- [Source material]
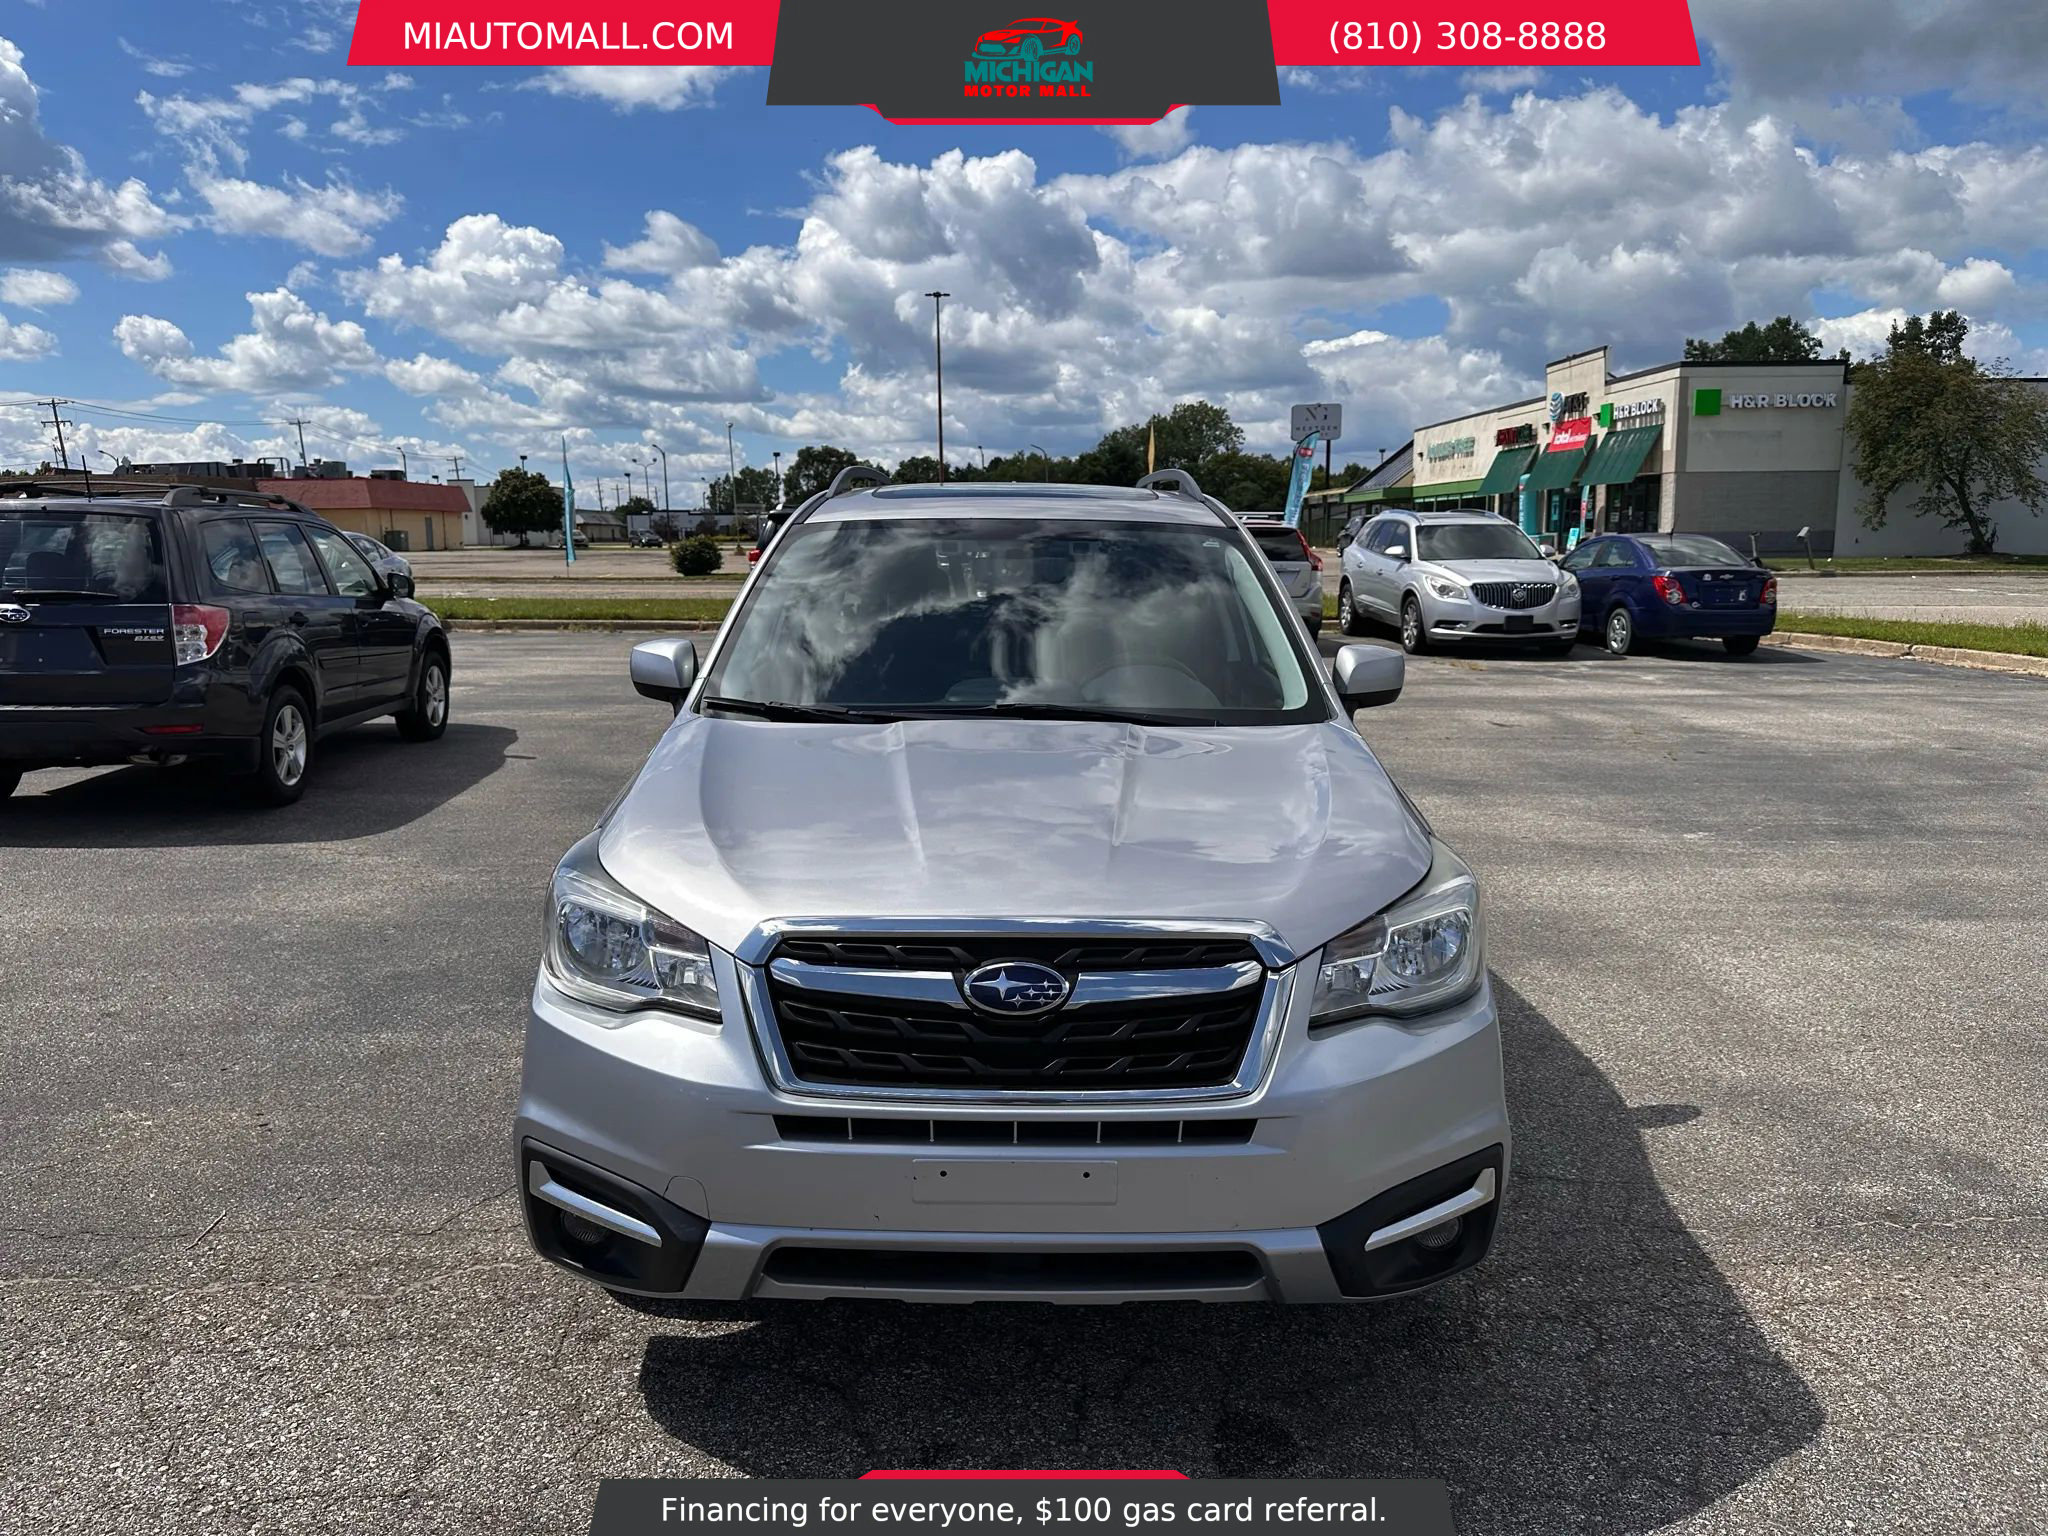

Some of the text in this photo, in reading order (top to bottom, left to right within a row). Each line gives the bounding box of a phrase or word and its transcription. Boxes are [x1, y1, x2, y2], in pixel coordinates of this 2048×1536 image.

[1614, 399, 1659, 420] H&R BLOCK
[1730, 392, 1838, 409] H&R BLOCK
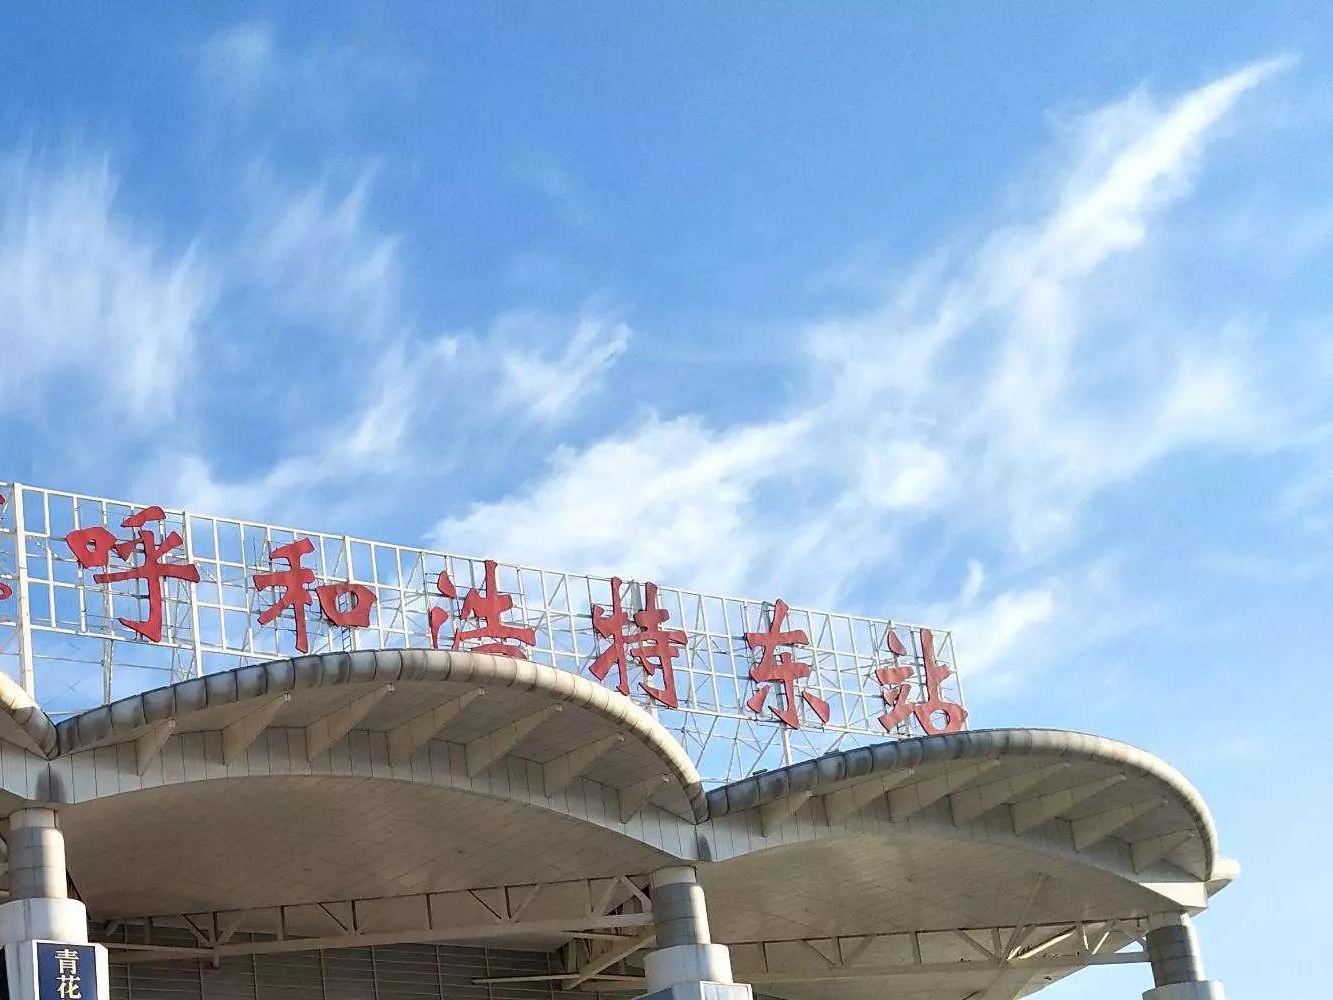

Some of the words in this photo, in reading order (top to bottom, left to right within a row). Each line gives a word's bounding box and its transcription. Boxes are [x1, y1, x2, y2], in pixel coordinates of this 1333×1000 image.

[66, 505, 968, 736] 呼和浩特东站
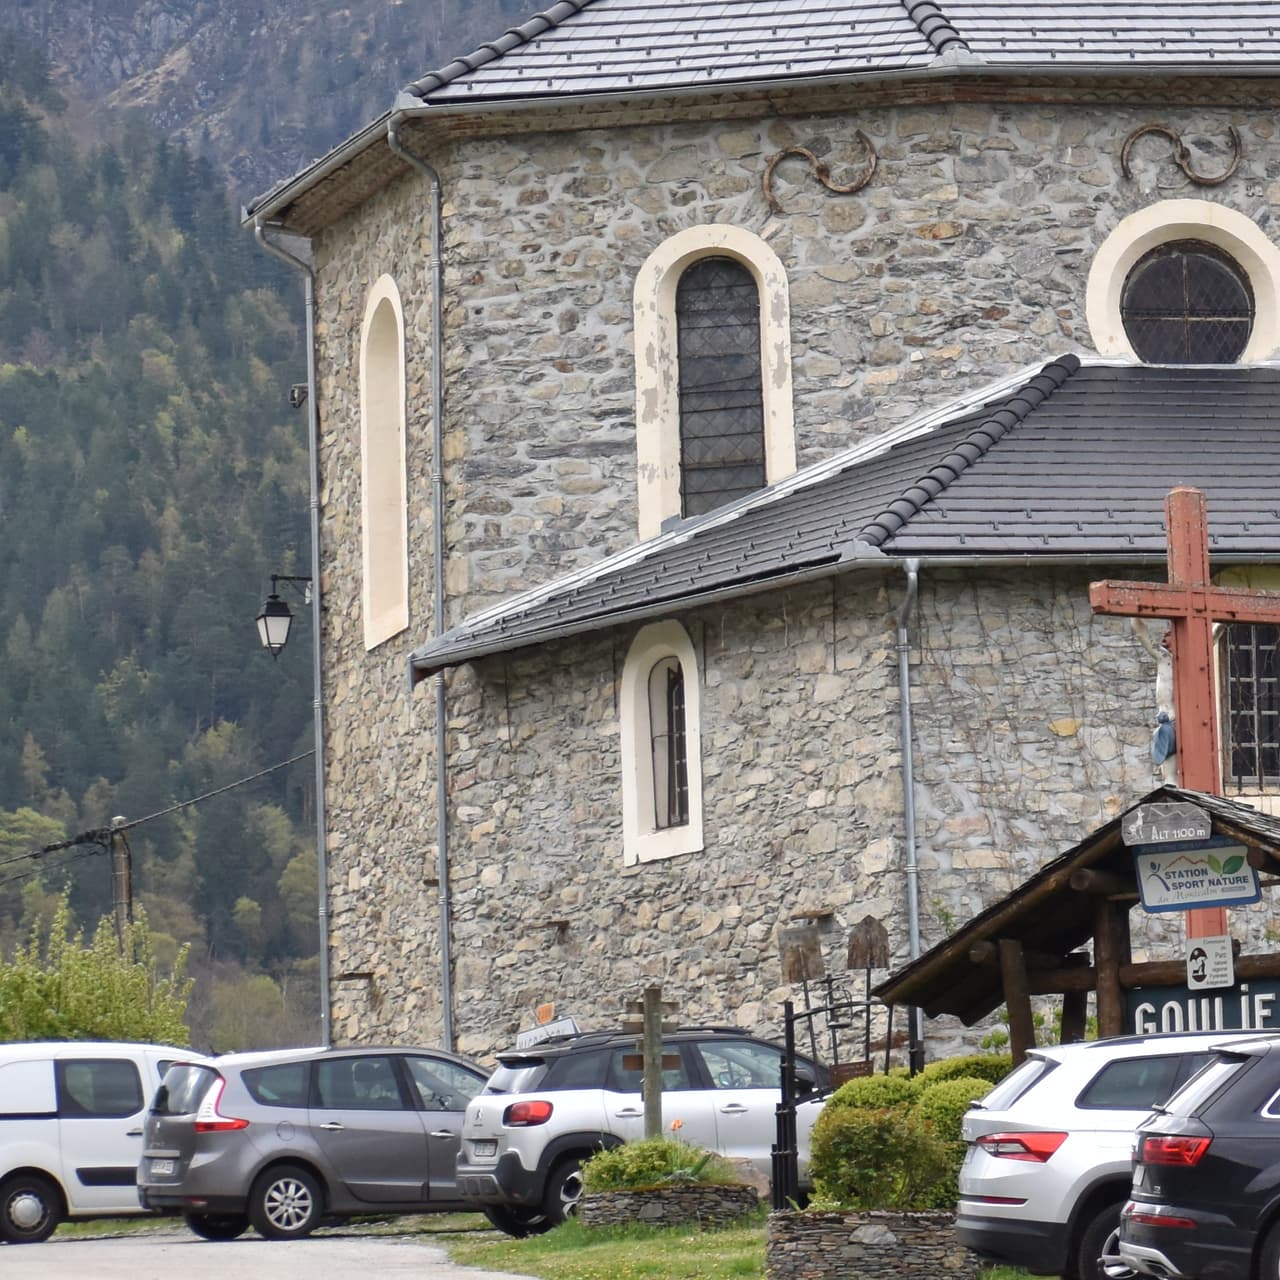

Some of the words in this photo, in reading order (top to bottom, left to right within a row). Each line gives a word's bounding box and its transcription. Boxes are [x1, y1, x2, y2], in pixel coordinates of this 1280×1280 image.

- [Exercise details] Please return the records above exactly as written, dropping every picture.

- [Task result]
Some of the text in this photo, in reading order (top to bottom, left to right within a row). Each line gives the bounding box of a phrase or word and its transcription. Boxes are [x1, y1, x2, y2], in pixel coordinates of this 2048×1536 image.

[1614, 399, 1659, 420] H&R BLOCK
[1730, 392, 1838, 409] H&R BLOCK

Some of the words in this photo, in reading order (top to bottom, left to right within a row). Each line gives a word's bounding box and its transcription. Boxes are [x1, y1, x2, y2], in pixel coordinates of this 1333×1000 image.

[66, 505, 968, 736] 呼和浩特东站

Some of the words in this photo, in reading order (top to bottom, left to right within a row). Each line gives a word's bounding box and its transcription. Boxes are [x1, y1, x2, y2], in pixel coordinates of this 1280×1280 image.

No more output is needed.